I know "reformers" are trying to get rid of these sham "due process hearings" in school districts (as a cost saving measure) by trying to con the public it's "impossible" to get rid of teachers, but sometimes teachers do win these things despite the long odds. It's usually those teachers who have access to outside lawyers who prevail or teachers who work in a handful of school districts in the country (for example, NYC) where they do have more "rights" to "due process" than teachers everywhere else in the country.
Private businesses want to be able to have and do have their own little star chambers, with unpublished rulings and closed hearings. Of course they aren't good because consumers' constitutional rights to due process are basically revoked.

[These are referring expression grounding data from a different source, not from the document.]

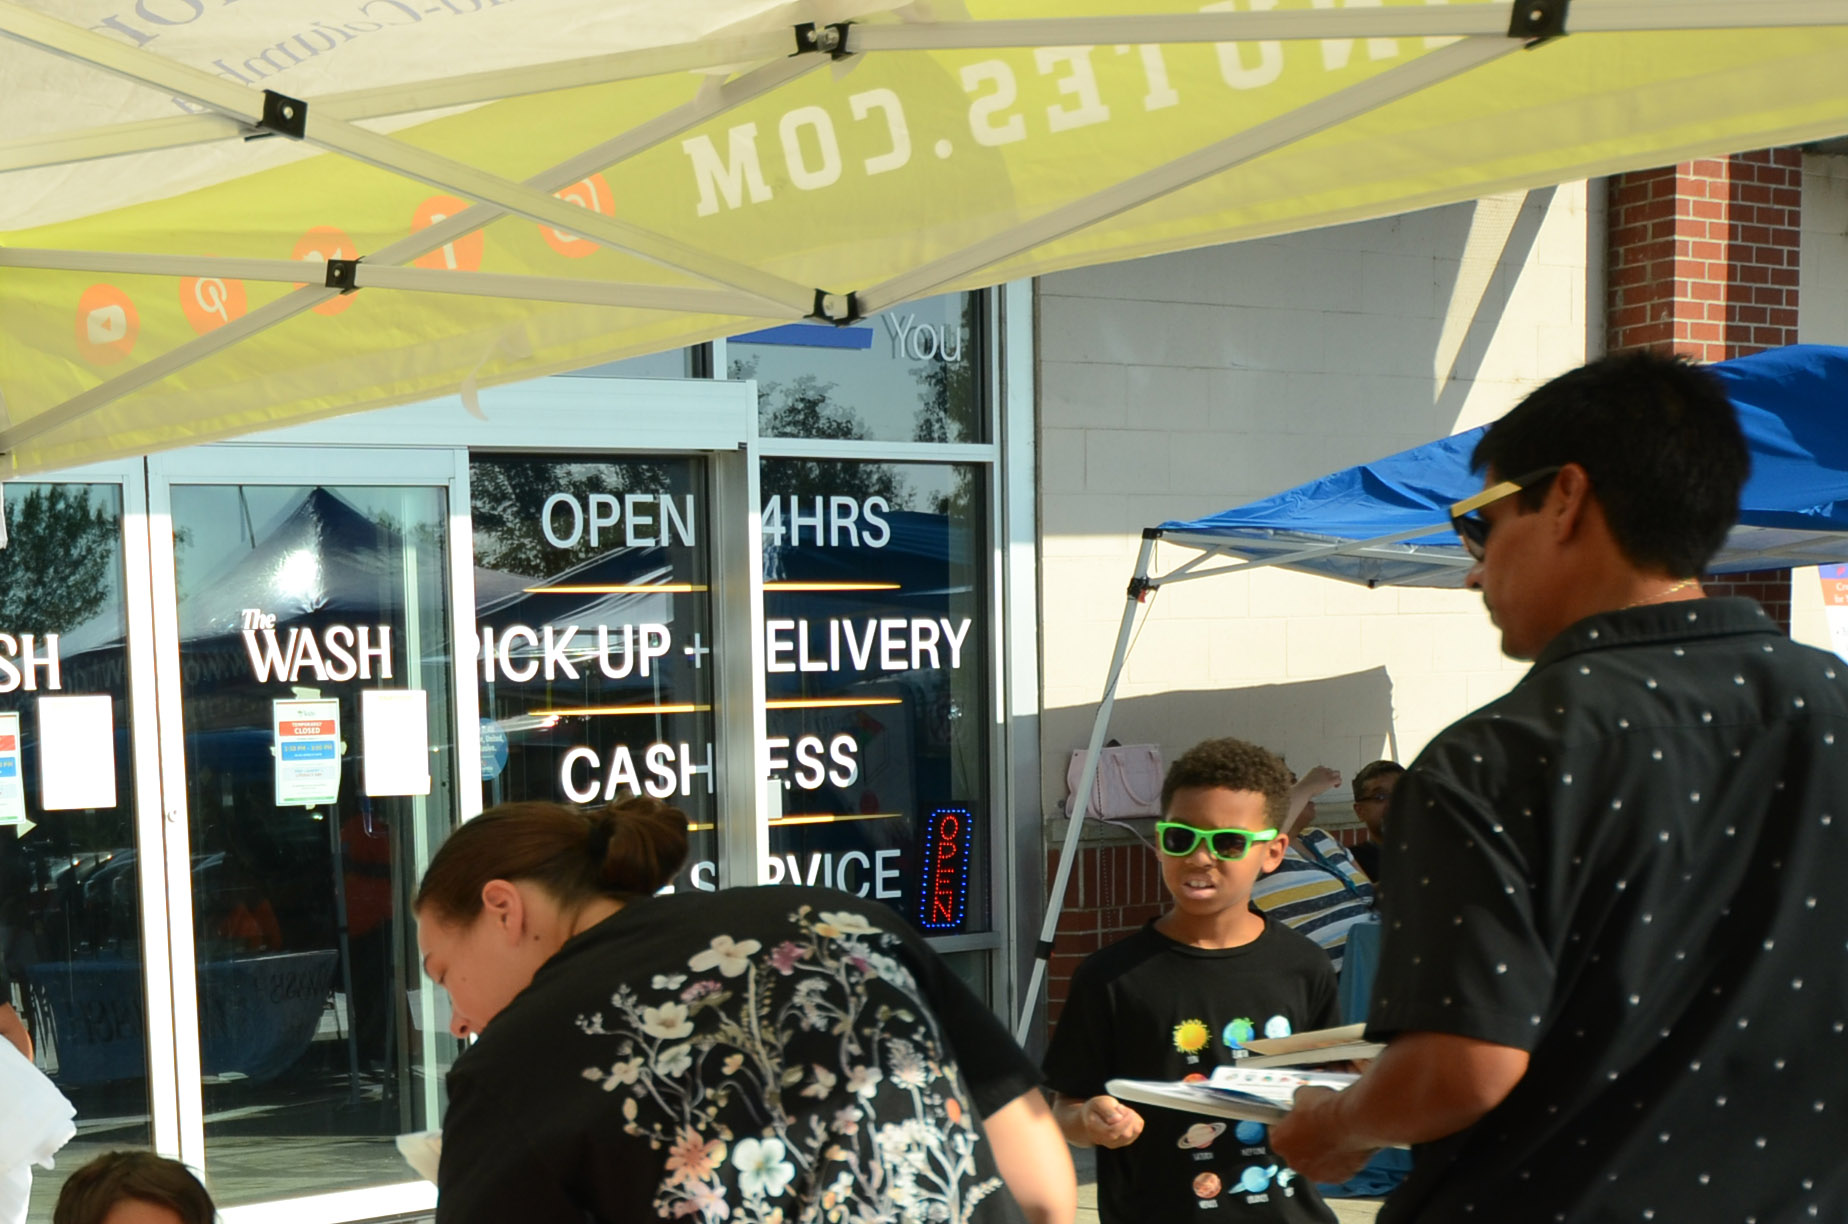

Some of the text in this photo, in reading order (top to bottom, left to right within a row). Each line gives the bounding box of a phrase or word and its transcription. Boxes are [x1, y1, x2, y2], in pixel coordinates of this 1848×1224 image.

[884, 311, 962, 363] You
[542, 493, 890, 549] OPEN 4HRS
[241, 608, 277, 631] The
[245, 625, 393, 683] WASH
[598, 623, 672, 680] UP
[765, 617, 973, 673] ELIVERY
[932, 814, 960, 924] OPEN

Can judges in courts preside over trial-like proceedings in private? Many state constitutions (including Delaware’s) insist that all “courts shall be open.” The United States Constitution does not have those words, but the Sixth Amendment guarantees criminal defendants the right to a “speedy and public trial,” and civil and criminal litigants have rights to jury trials. Those provisions — with First Amendment rights to petition for redress and free speech, due process and English open court traditions — have produced a body of law mandating openness. Before a proceeding can be closed, judges need to make a record of what exceptional circumstances, such as trade secrets or national security, justify secrecy.

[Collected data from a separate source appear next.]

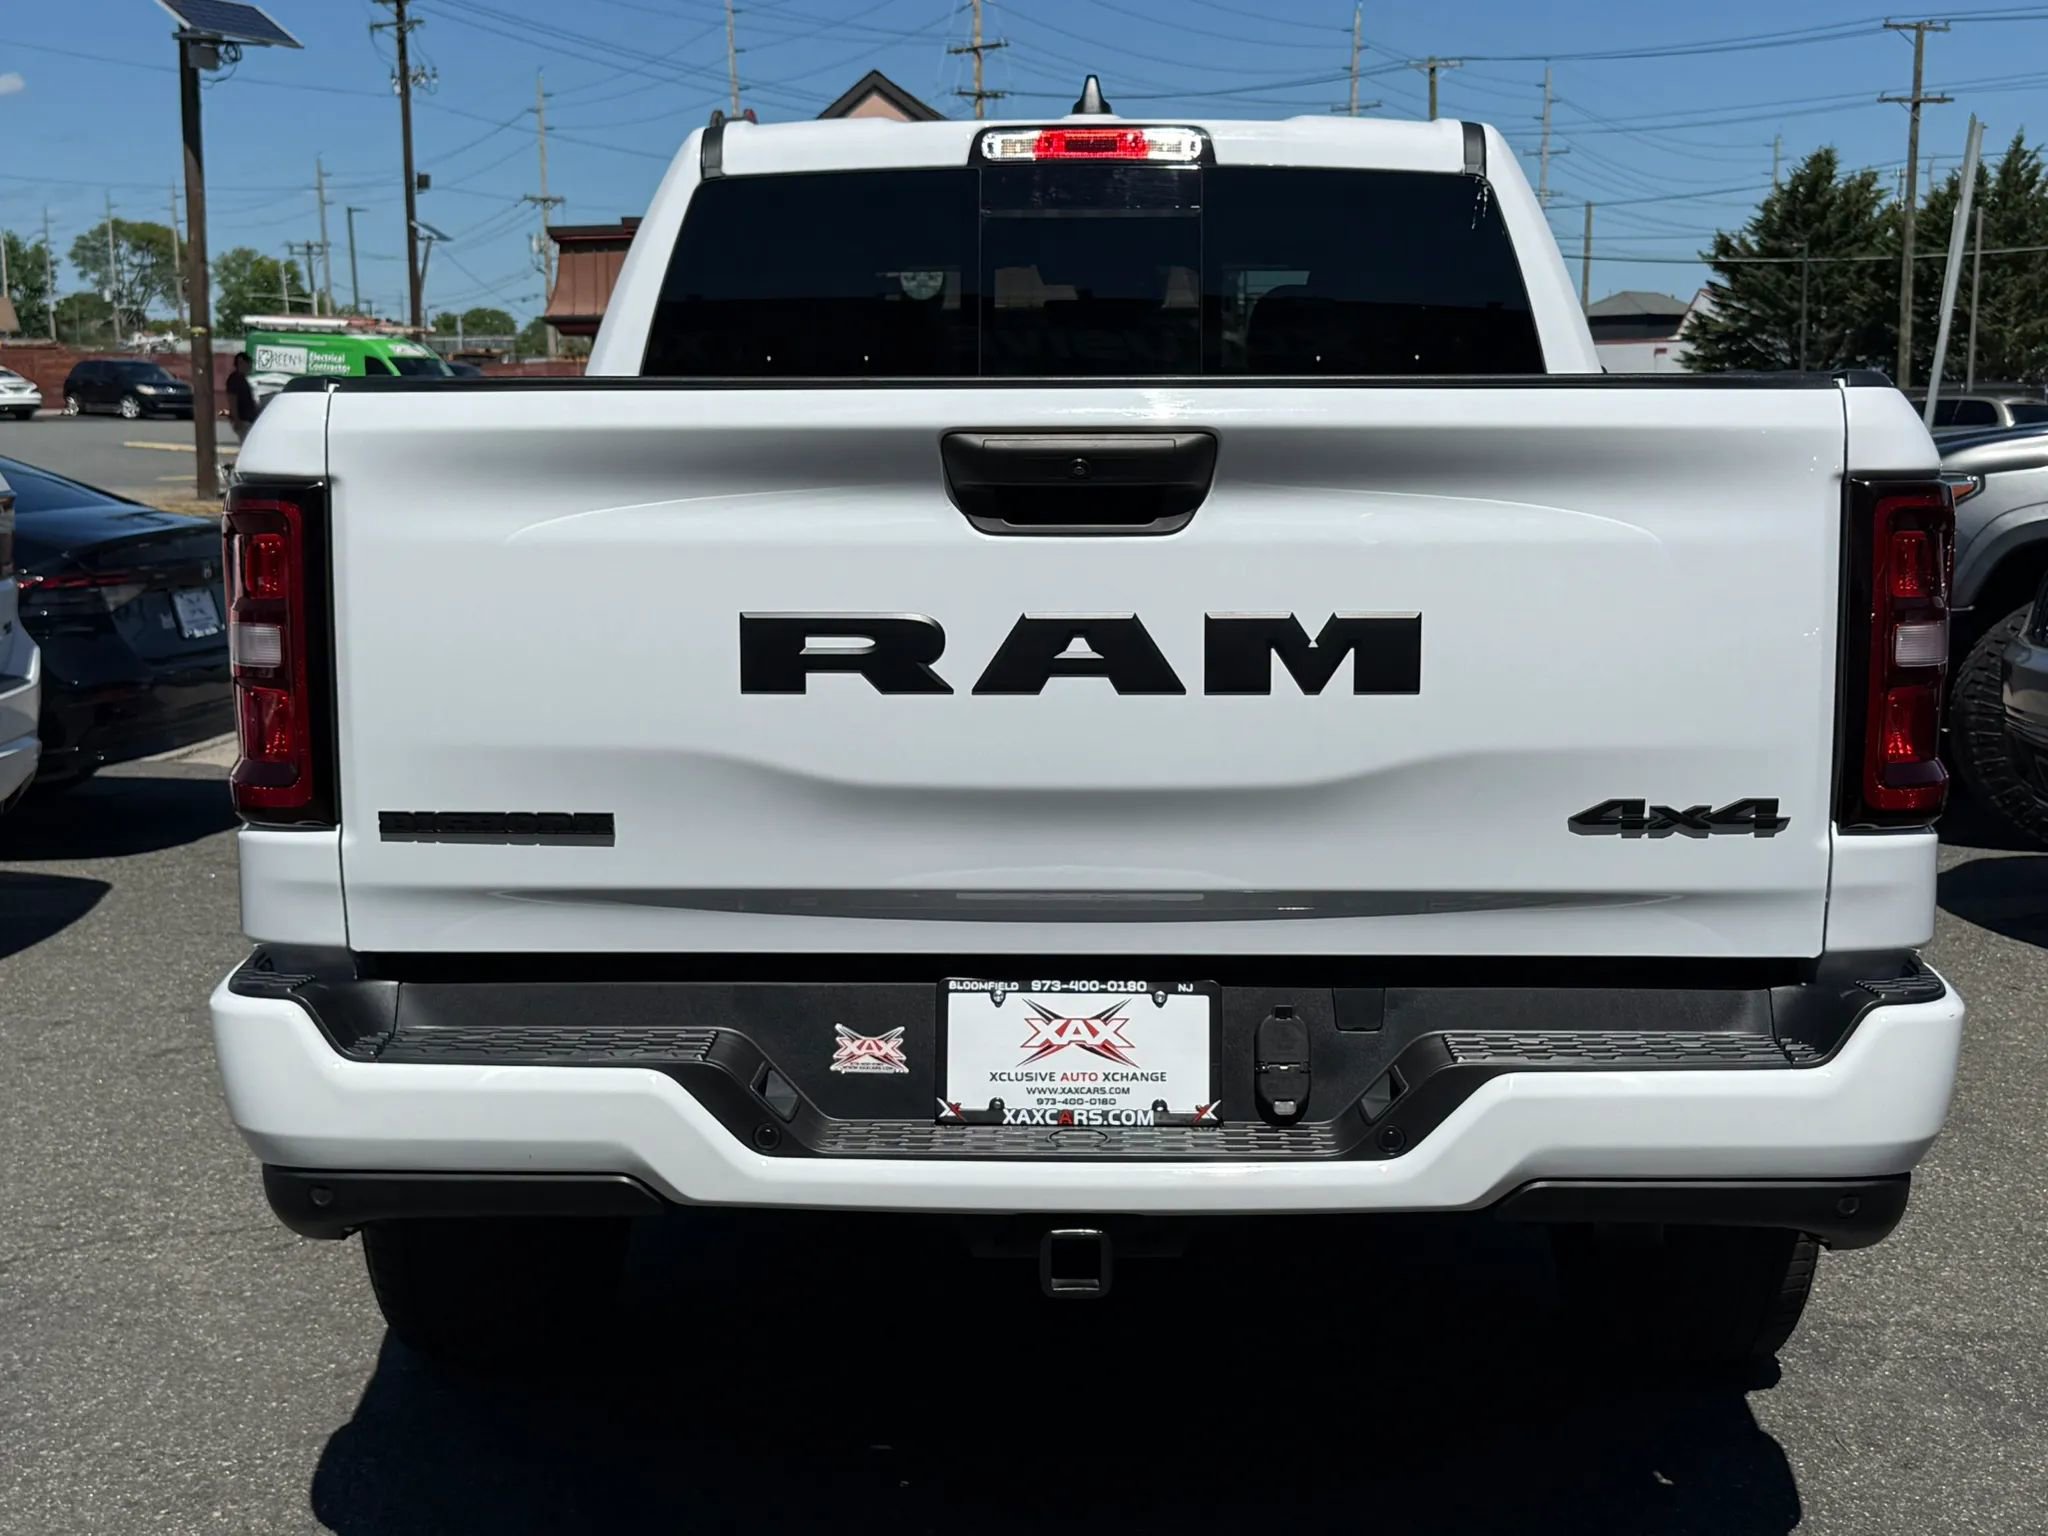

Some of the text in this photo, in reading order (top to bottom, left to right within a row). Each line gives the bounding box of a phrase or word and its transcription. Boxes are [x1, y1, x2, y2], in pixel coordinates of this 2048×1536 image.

[309, 351, 346, 363] Electrical
[740, 611, 1423, 695] RAM
[1567, 797, 1791, 839] 4x4
[948, 980, 1194, 992] BLOOMFIELD 973-400-0180 NJ
[1020, 1018, 1136, 1048] XAX
[833, 1038, 906, 1058] XAX
[989, 1072, 1167, 1082] XCLUSIVE AUTO XCHANGE
[1026, 1087, 1131, 1095] WWW.XAXCARS.COM
[1002, 1109, 1155, 1126] XAXCARS.COM

The reason arbitration is conducted the way it is has to do with the fact these hearings, including those involving "due process hearings" for teachers, aren't real legal proceedings. They have the trappings of legal proceedings, but the rules that apply to regular civil and criminal proceedings simply don't apply in arbitration.
If they were real legal proceedings, the lawyers and administrators involved in my "case" would have been thrown in jail instead of being allowed to still practice law or have their jobs.
In the case of the private sector, they are simply trying to get around being held legally accountable when they scam consumers or they injure them in some way. That's why the emphasis on "binding arbitration."